Perfection and the Speed of Light

I’m a perfectionist and it has taken many years to unlearn my habits when it comes to getting work done rather than getting it perfect.

Over the years, it has meant that I haven’t completed some projects — especially personal projects where I was the client. I wouldn’t ship until I felt my widget was worthy of bestowing on the eyes of the internet. It became a burden and as I grew up and matured in my craft, I learned to ship what made sense rather than the ideal in my head.

As most of us know, the speed of light is something that is theoretically unattainable.

According to special relativity, the energy of an object with rest mass m and speed v is given by γmc2, where γ is the Lorentz factor defined above. When v is zero, γ is equal to one, giving rise to the famous E = mc2 formula for mass–energy equivalence. The γ factor approaches infinity as v approaches c, and it would take an infinite amount of energy to accelerate an object with mass to the speed of light.

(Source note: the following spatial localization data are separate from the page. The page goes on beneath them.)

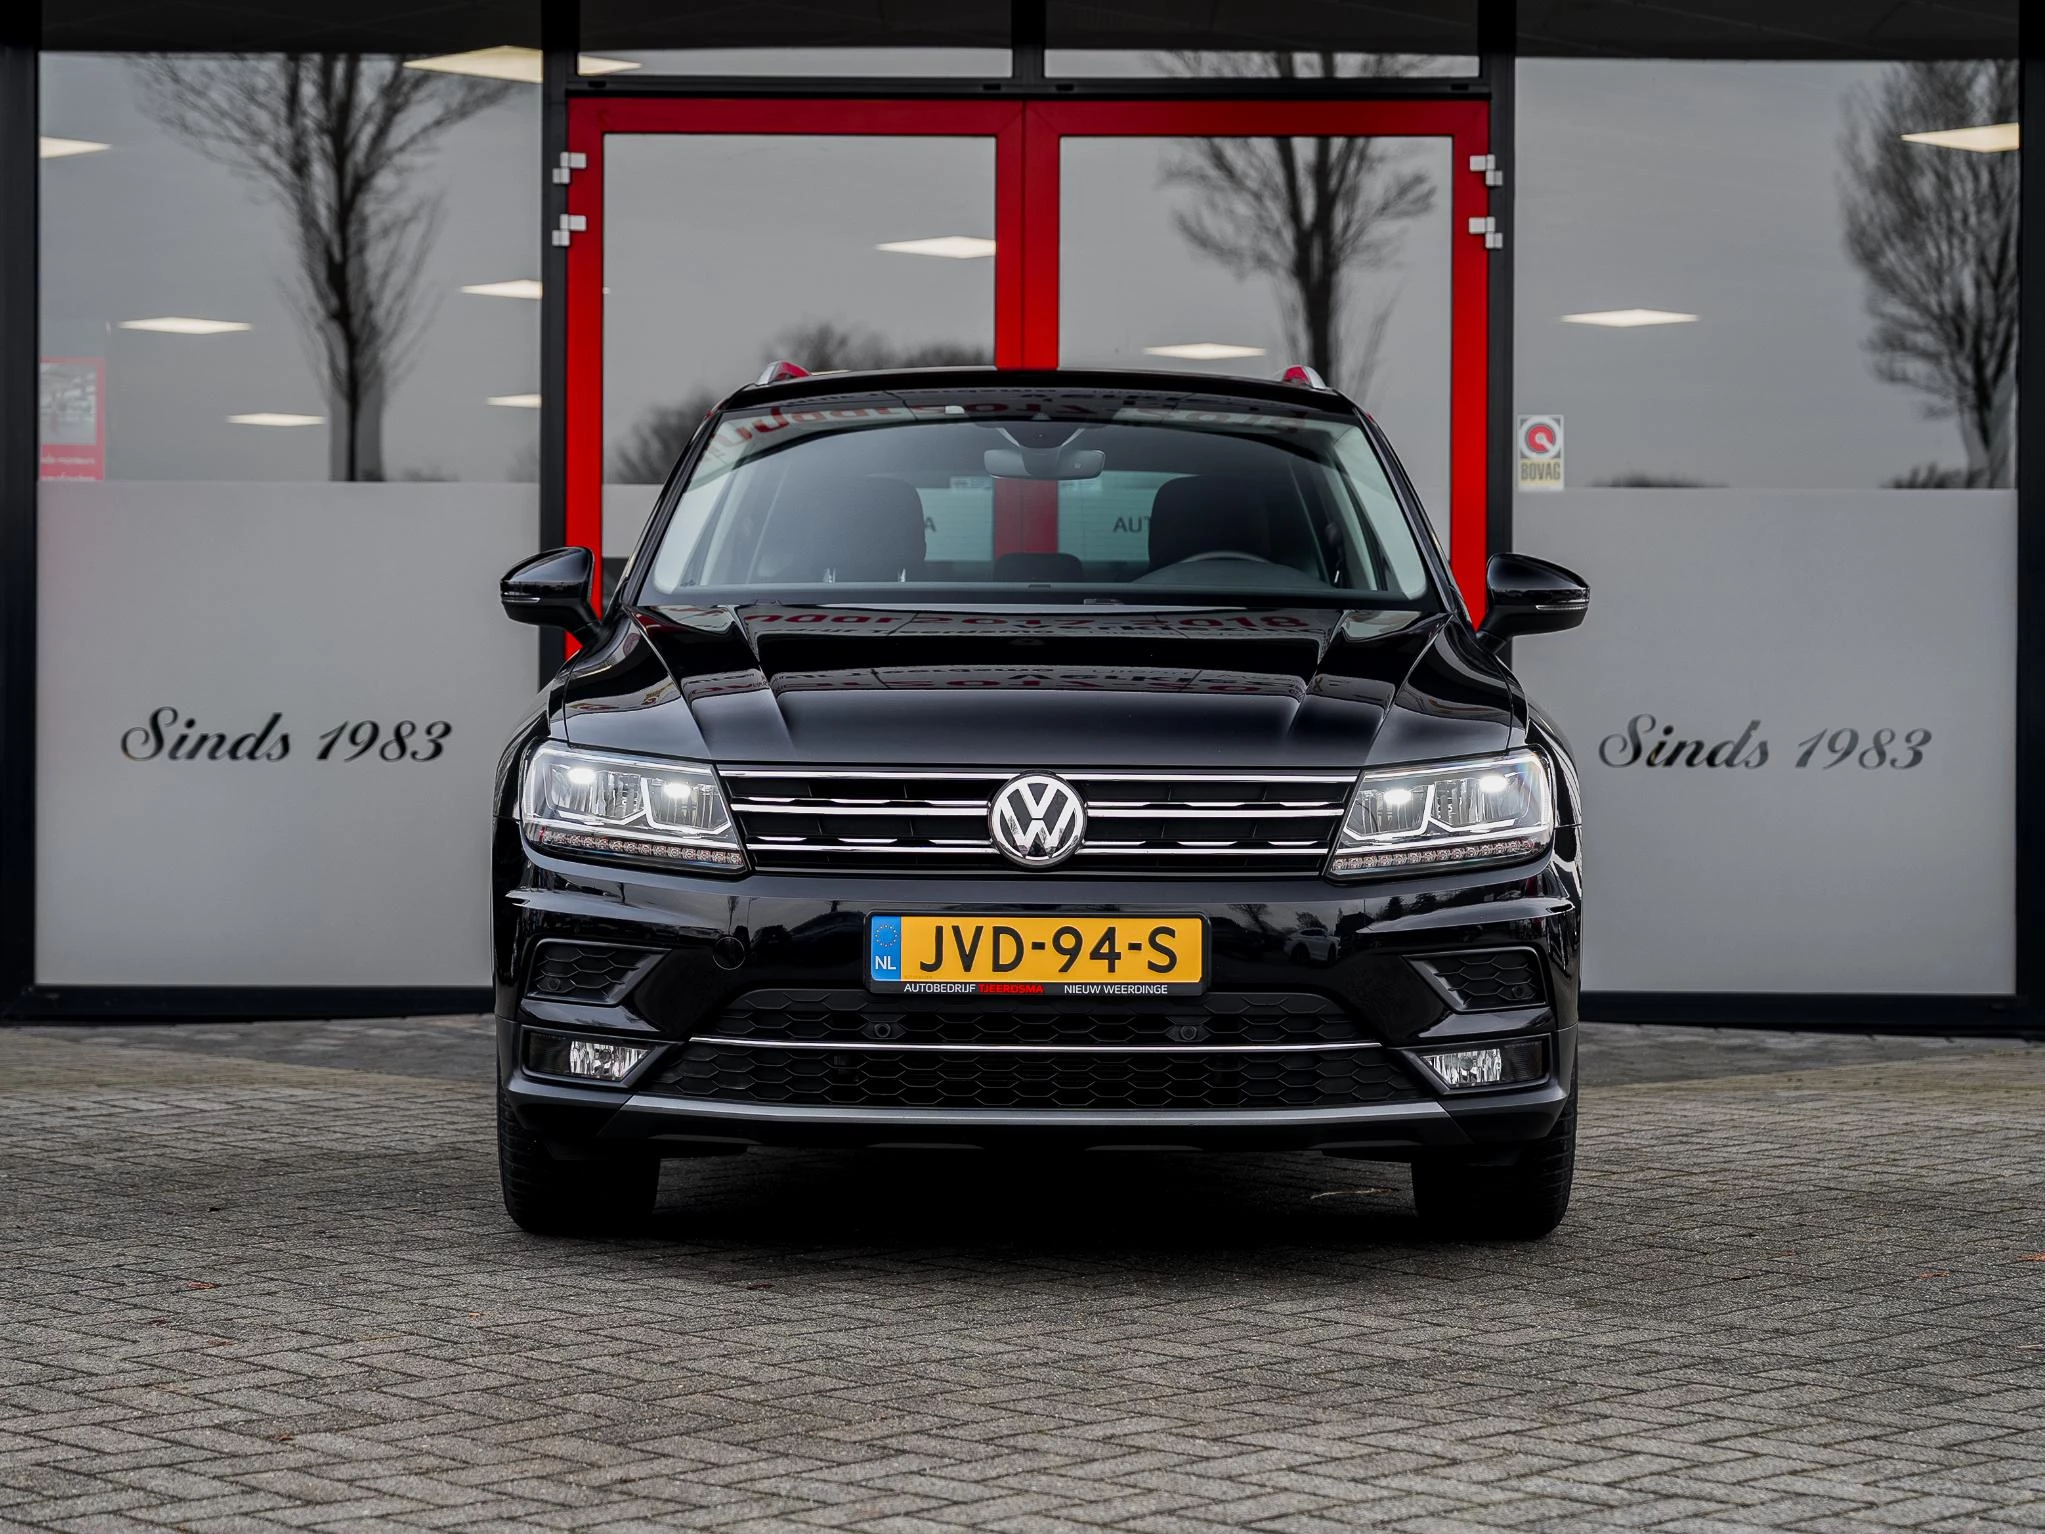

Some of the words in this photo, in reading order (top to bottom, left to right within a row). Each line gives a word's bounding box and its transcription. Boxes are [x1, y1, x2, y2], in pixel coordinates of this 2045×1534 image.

[1520, 461, 1561, 481] BOVAG
[120, 705, 290, 762] Sinds
[316, 720, 453, 763] 1983
[1598, 713, 1770, 769] Sinds
[1795, 727, 1933, 770] 1983
[875, 955, 897, 970] NL
[919, 924, 1178, 974] JVD-94-S
[903, 983, 976, 993] AUTOBEDRIJF
[978, 984, 1044, 994] TJEERDSMA
[1064, 984, 1101, 994] NIEUW
[1103, 984, 1168, 994] WEERDINGE
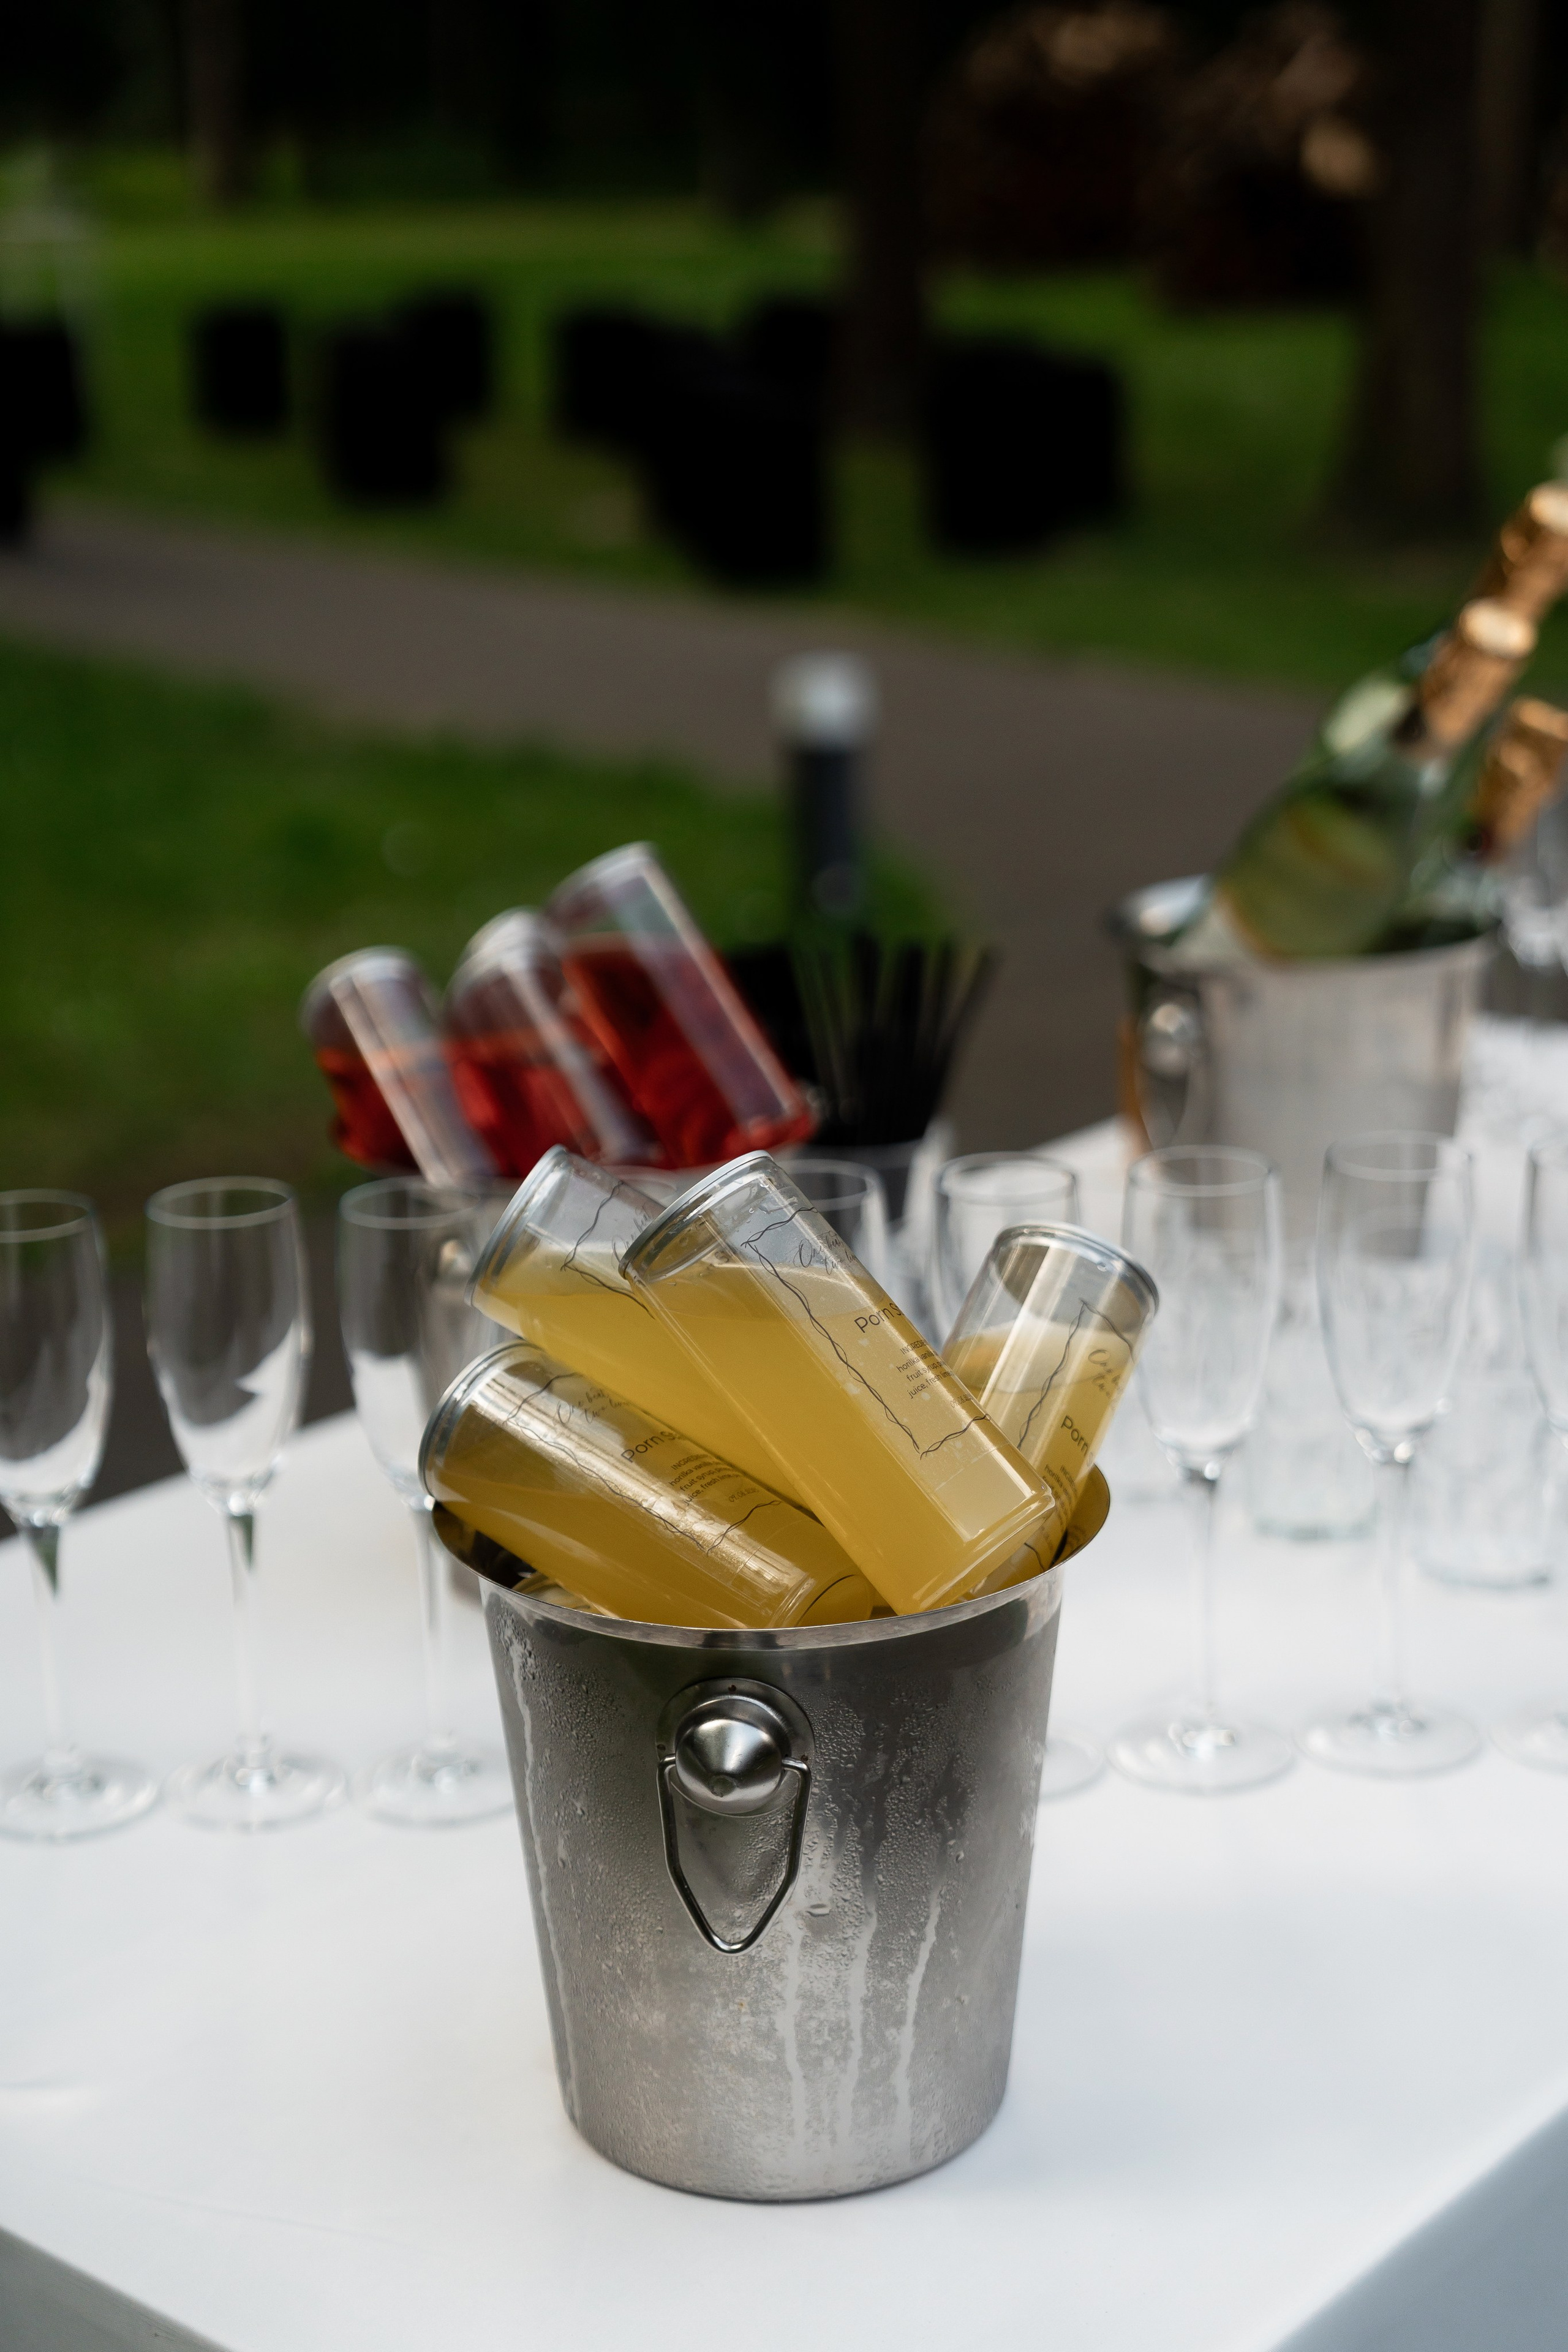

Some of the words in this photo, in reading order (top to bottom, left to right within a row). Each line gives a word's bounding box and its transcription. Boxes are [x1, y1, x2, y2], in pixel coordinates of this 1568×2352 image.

[854, 1308, 895, 1333] Porn
[896, 1356, 921, 1373] horilka
[907, 1370, 923, 1382] fruit
[907, 1383, 929, 1400] juice,
[925, 1373, 943, 1385] fresh
[1061, 1415, 1088, 1457] Porn
[620, 1436, 665, 1463] Porn
[668, 1468, 694, 1487] horilka
[679, 1478, 697, 1492] fruit
[700, 1476, 720, 1490] fresh

This is how I think about perfection when it comes to product development. Perfection is like the speed of light and your project has mass. The initial 80% of journey is relatively painless. You know what you’re working toward, you understand the problem you are solving for with your app or site, and you have a rock solid workflow to get you there.

However, as you approach that last 20%, as that curve starts to skyrocket, your mass increases exponentially. That is to say, the work it takes to get there becomes unsustainably infinite. Perfection is thus impossible.

Most people are aware of the 80/20 rule. That is, you’ll spend 80% of your time on the last 20%. This is similar to what I’m saying but my light speed analogy goes further than that to say that the ideal is unattainable and serves you wrong in practice. Starting a project right from the beginning with the understanding that you will be shipping something very early and something very often will organize your milestones around time objectives.

This is better than feature objectives that then have time scales attached to them. I will write about release cadence in another article.

For now, I want to close by saying this doesn’t mean you can never finish your project. On the contrary, we want to get stuff out the door and into the hands of real people. Whenever you ship something, that light speed scale resets and you’re back at 0. Now you can start a new journey based on the knowledge you gain from the first jump.